* **What this task involves**: Exclude the images and transcribe the entries below precisely.

* **Source information**:
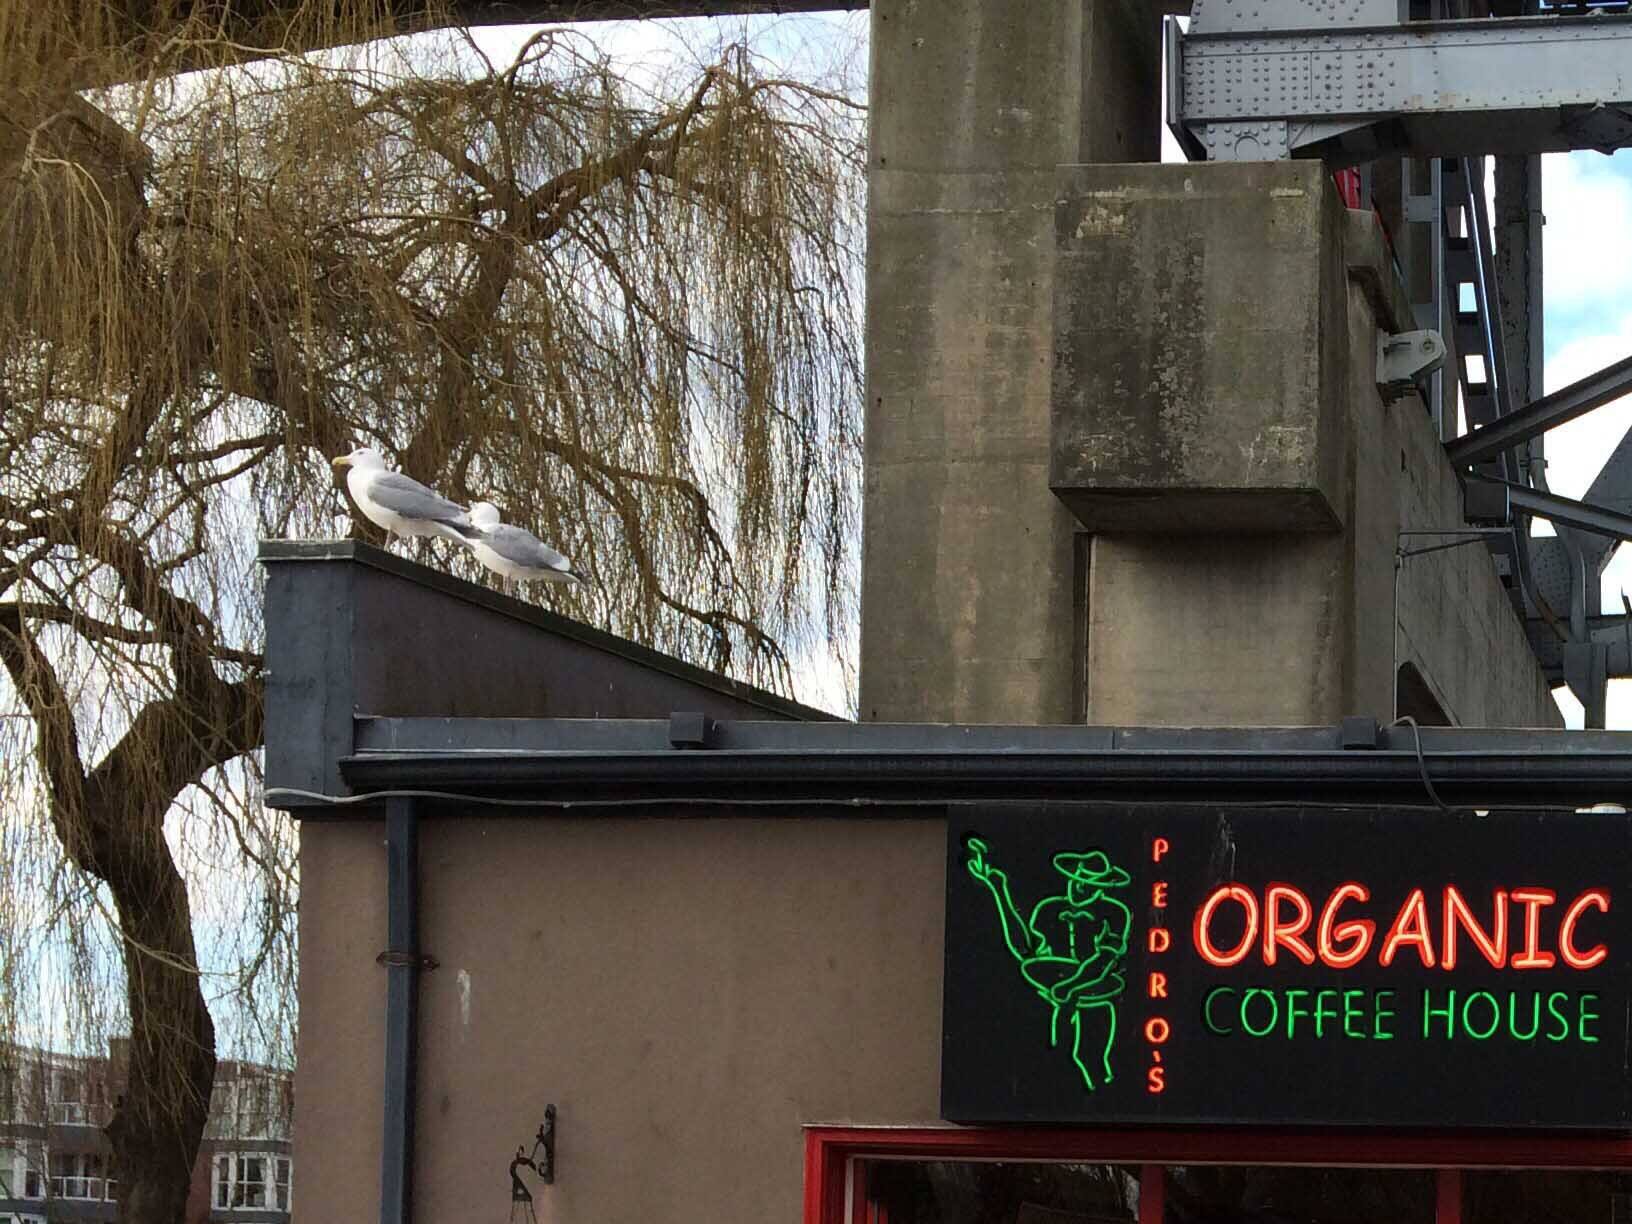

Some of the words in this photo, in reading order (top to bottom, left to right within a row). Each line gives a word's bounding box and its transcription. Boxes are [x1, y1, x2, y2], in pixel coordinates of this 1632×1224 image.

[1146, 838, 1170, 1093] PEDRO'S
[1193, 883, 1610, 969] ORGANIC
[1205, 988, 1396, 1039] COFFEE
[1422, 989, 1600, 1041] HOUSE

* **Problem solution**:
Some of the words in this photo, in reading order (top to bottom, left to right within a row). Each line gives a word's bounding box and its transcription. Boxes are [x1, y1, x2, y2], in pixel coordinates of this 1632×1224 image.

[1146, 838, 1170, 1093] PEDRO'S
[1193, 883, 1610, 969] ORGANIC
[1205, 988, 1396, 1039] COFFEE
[1422, 989, 1600, 1041] HOUSE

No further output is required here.